Macron’s shades crashed a website and moved a stock. Emmanuel Macron wore blue aviator sunglasses at Davos. The internet noticed. So did the market. The glasses came from a tiny Italian eyewear firm, iVision Tech SpA, and retail for €659. Orders flooded in. The website crashed. Shares jumped over 70% in a week. All because one president accessorized confidently. The brand, part of Henry Jullien, suddenly became the most talked-about thing at Davos. More than trade policy. More than inflation. Sunglasses won. Even Donald Trump mocked the look during his own speech. Didn’t matter. The stock already flew. Moral of the story: never underestimate a good pair of aviators.

Zoom invested $51 million and might get billions back. Zoom stock jumped 11% after analysts remembered Zoom owns a very nice AI lottery ticket.
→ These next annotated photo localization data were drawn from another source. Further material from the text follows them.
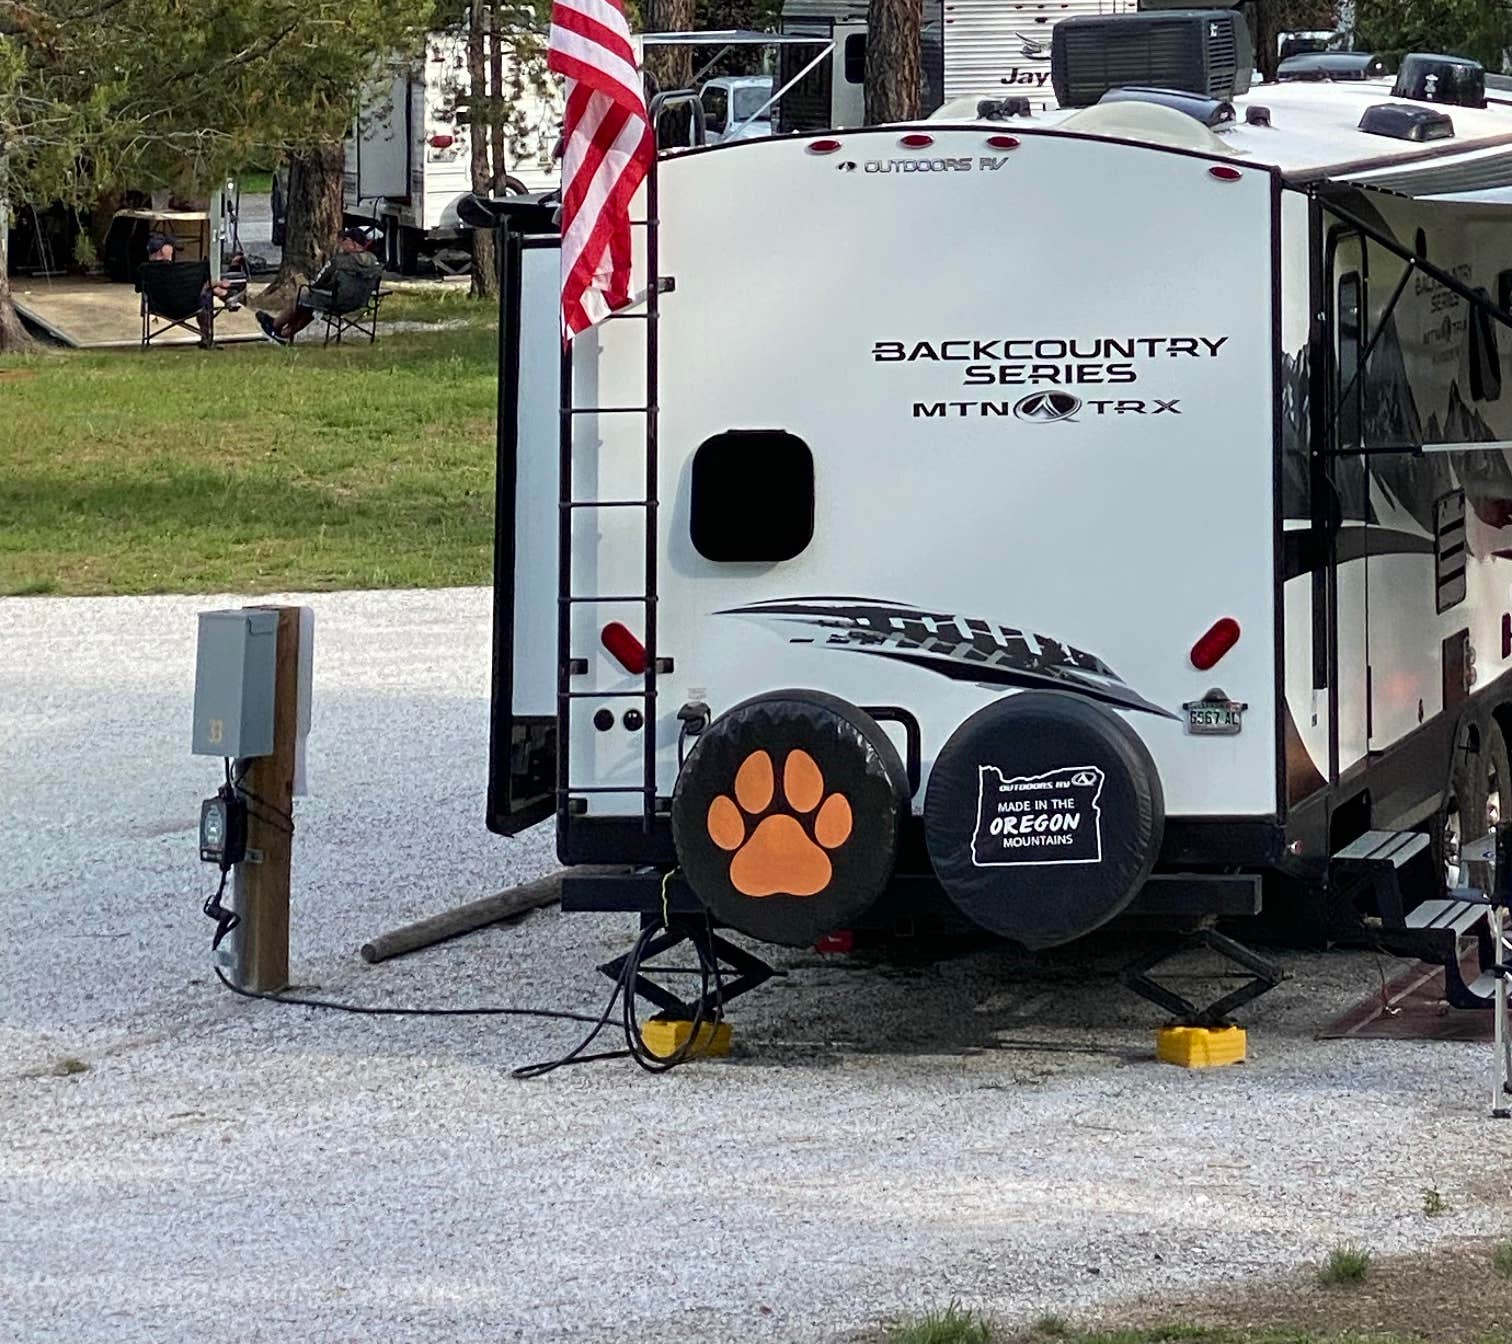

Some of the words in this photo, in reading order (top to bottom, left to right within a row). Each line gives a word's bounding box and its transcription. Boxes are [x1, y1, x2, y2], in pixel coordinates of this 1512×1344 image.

[1000, 67, 1051, 87] Jay
[864, 158, 973, 173] OUTDOORS
[979, 157, 1009, 172] RV
[872, 336, 1229, 362] BACKCOUNTRY
[963, 363, 1138, 385] SERIES
[913, 401, 1009, 418] MTN
[1087, 399, 1183, 415] TRX
[999, 781, 1053, 792] OUTDOORS
[1055, 780, 1072, 789] RV
[998, 800, 1031, 812] MADE
[1034, 799, 1048, 810] IN
[1051, 798, 1075, 810] THE
[990, 812, 1080, 836] OREGON
[1003, 834, 1074, 848] MOUNTAINS
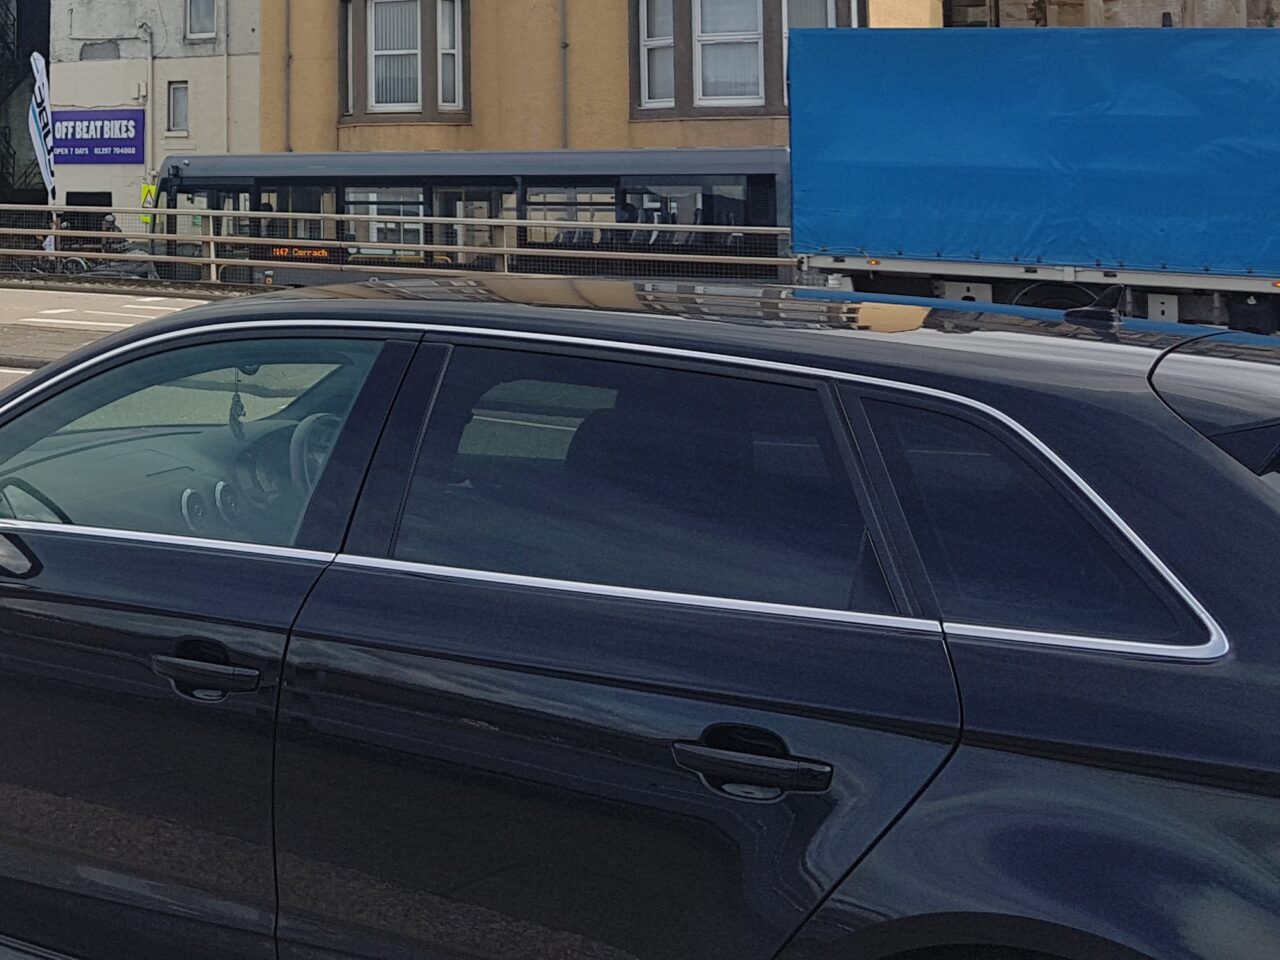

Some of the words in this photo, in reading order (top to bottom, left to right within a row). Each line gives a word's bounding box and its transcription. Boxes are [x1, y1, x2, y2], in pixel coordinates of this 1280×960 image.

[54, 121, 75, 139] OFF
[75, 120, 102, 139] BEAT
[103, 119, 136, 138] BIKES
[53, 147, 69, 155] OPEN
Turns out Zoom quietly invested $51 million in Anthropic back in 2023. That stake could now be worth $2 to $4 billion. Yes, billion. Roughly a 78x return. Not bad for a side quest. Zoom’s stock hasn’t been thrilling since the world stopped living on video calls. But this investment? Suddenly the most exciting thing Zoom has done since “You’re on mute.” If Anthropic goes public, that quiet check Zoom wrote could become its best meeting ever.
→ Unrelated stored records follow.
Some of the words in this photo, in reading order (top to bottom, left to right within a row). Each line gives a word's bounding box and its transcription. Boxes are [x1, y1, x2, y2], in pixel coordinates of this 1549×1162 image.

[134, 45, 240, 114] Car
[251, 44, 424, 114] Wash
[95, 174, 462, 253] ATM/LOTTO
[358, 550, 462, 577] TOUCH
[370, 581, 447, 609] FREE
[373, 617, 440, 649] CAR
AirTag Gets Better At Finding Stuff 

Image: Apple

Apple finally dropped a new AirTag. Louder. Smarter. Longer range. Same tiny circle. The new AirTag tracks stuff from almost 200 feet away, up from about 50. Translation: you can now lose your keys outside and still feel hopeful. The speaker is 50% louder, so it actually yells back when you’re panicking. It runs on Apple’s newer Ultra Wideband chip, the same one in newer iPhones and Apple Watches. You get arrows, vibrations, sounds. A full scavenger hunt, but make it premium. Apple also leaned hard into safety. No location history stored. Encrypted everything. Anti-stalking features turned up. Because trackers should help you find keys, not strangers.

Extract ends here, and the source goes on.